_Work instructions_
What you return must match the records below exactly, apart from the omitted pictures.

_Data records_
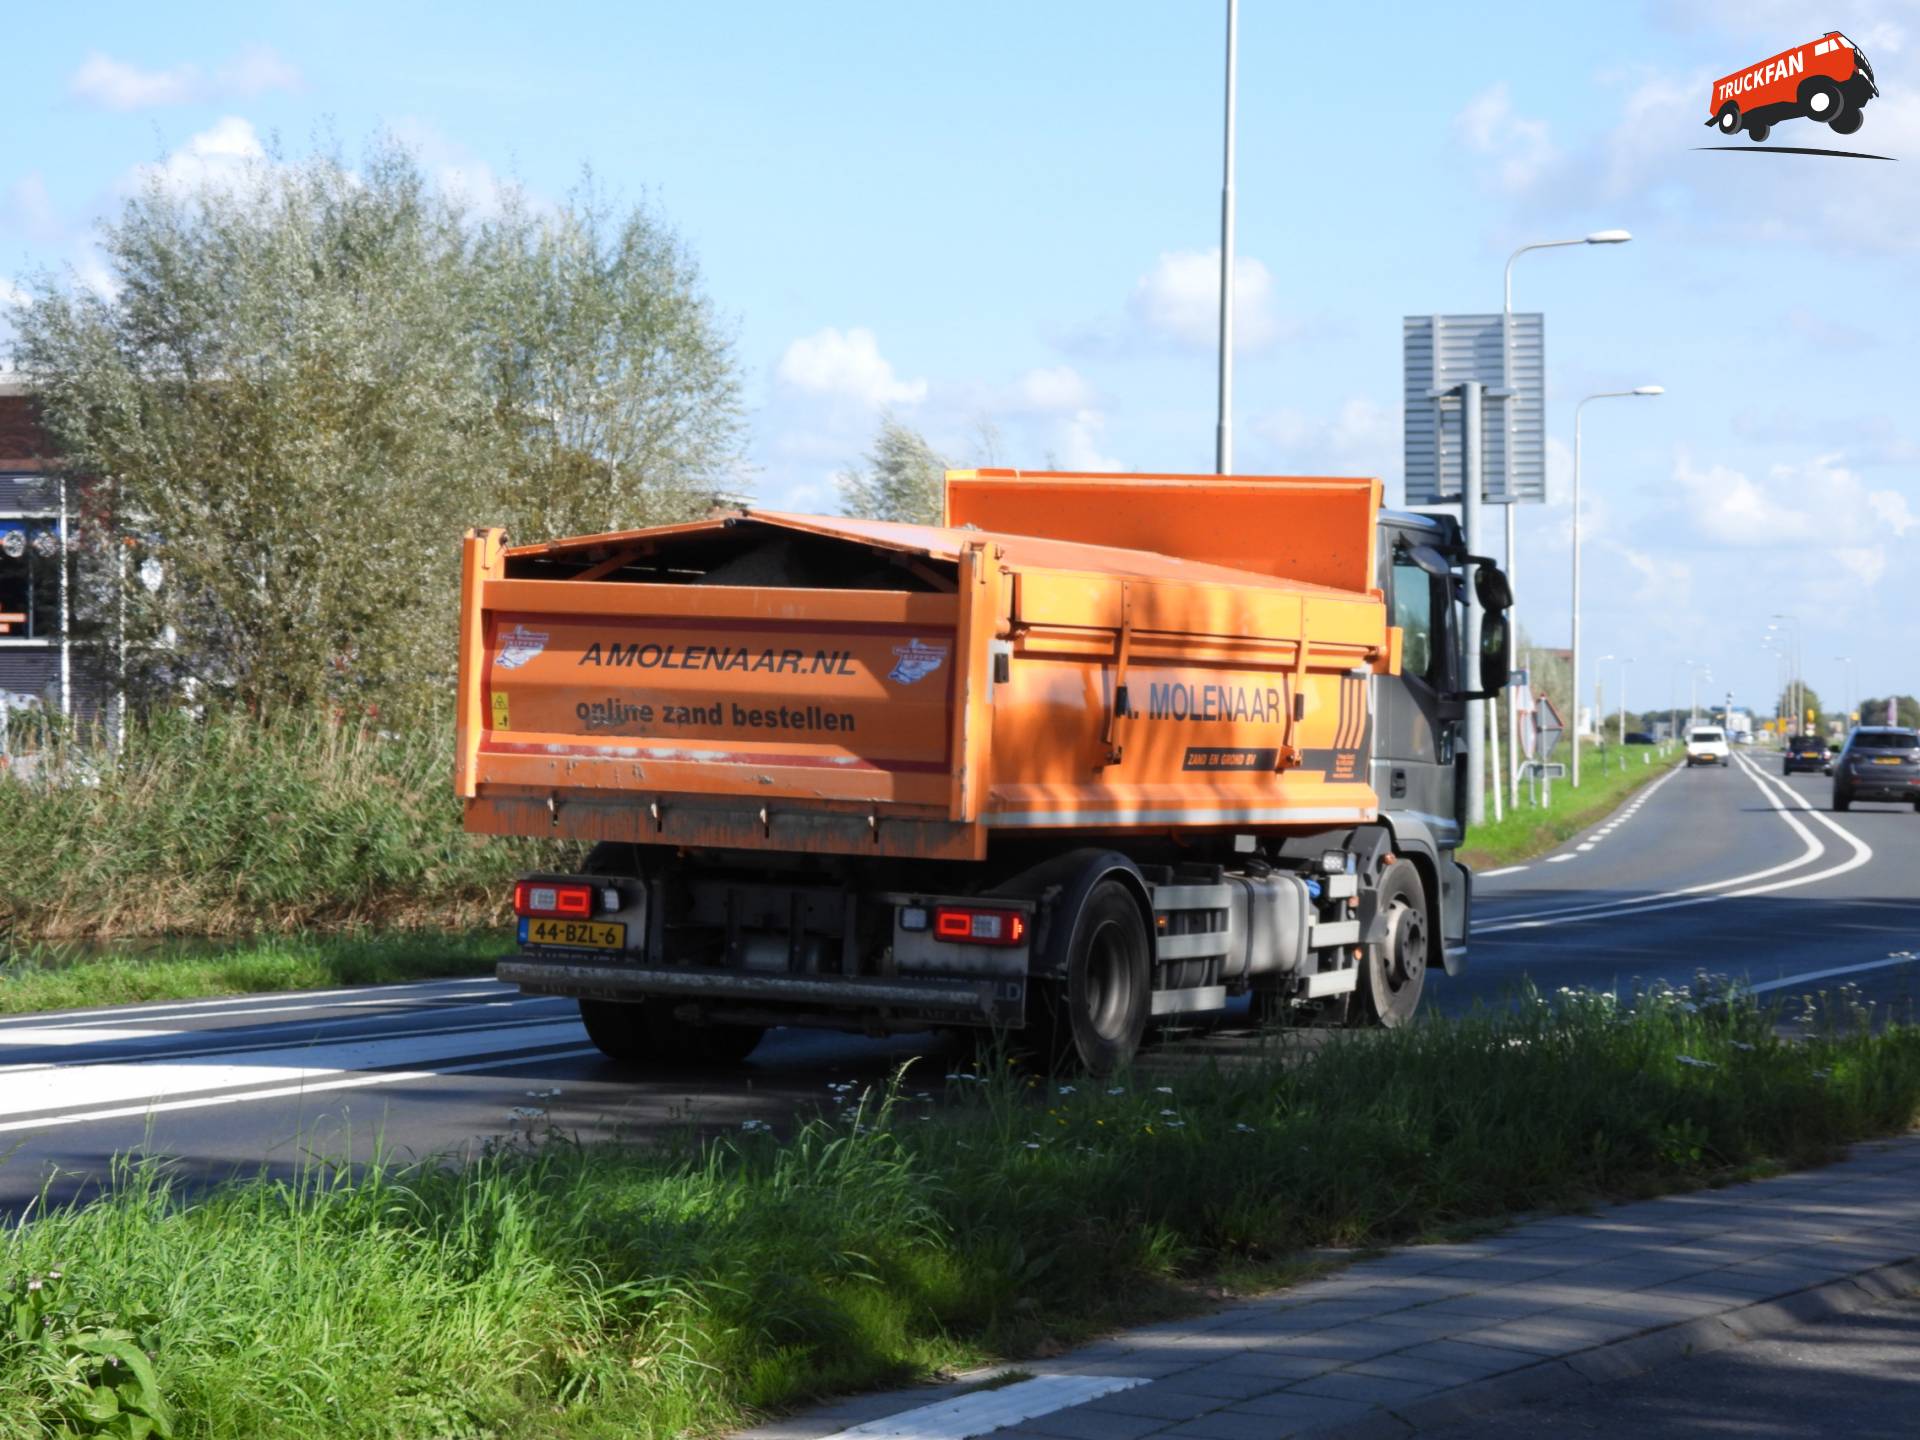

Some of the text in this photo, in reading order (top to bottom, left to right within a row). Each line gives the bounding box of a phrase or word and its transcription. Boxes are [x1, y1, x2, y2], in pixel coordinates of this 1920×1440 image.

[578, 642, 857, 675] AMOLENAAR.NL
[575, 698, 856, 731] online zand bestellen
[1149, 683, 1280, 723] MOLENAAR
[535, 922, 616, 945] 44-BZL-6

_Result for this task_
Some of the text in this photo, in reading order (top to bottom, left to right within a row). Each line gives the bounding box of a phrase or word and its transcription. Boxes are [x1, y1, x2, y2], in pixel coordinates of this 1920×1440 image.

[578, 642, 857, 675] AMOLENAAR.NL
[575, 698, 856, 731] online zand bestellen
[1149, 683, 1280, 723] MOLENAAR
[535, 922, 616, 945] 44-BZL-6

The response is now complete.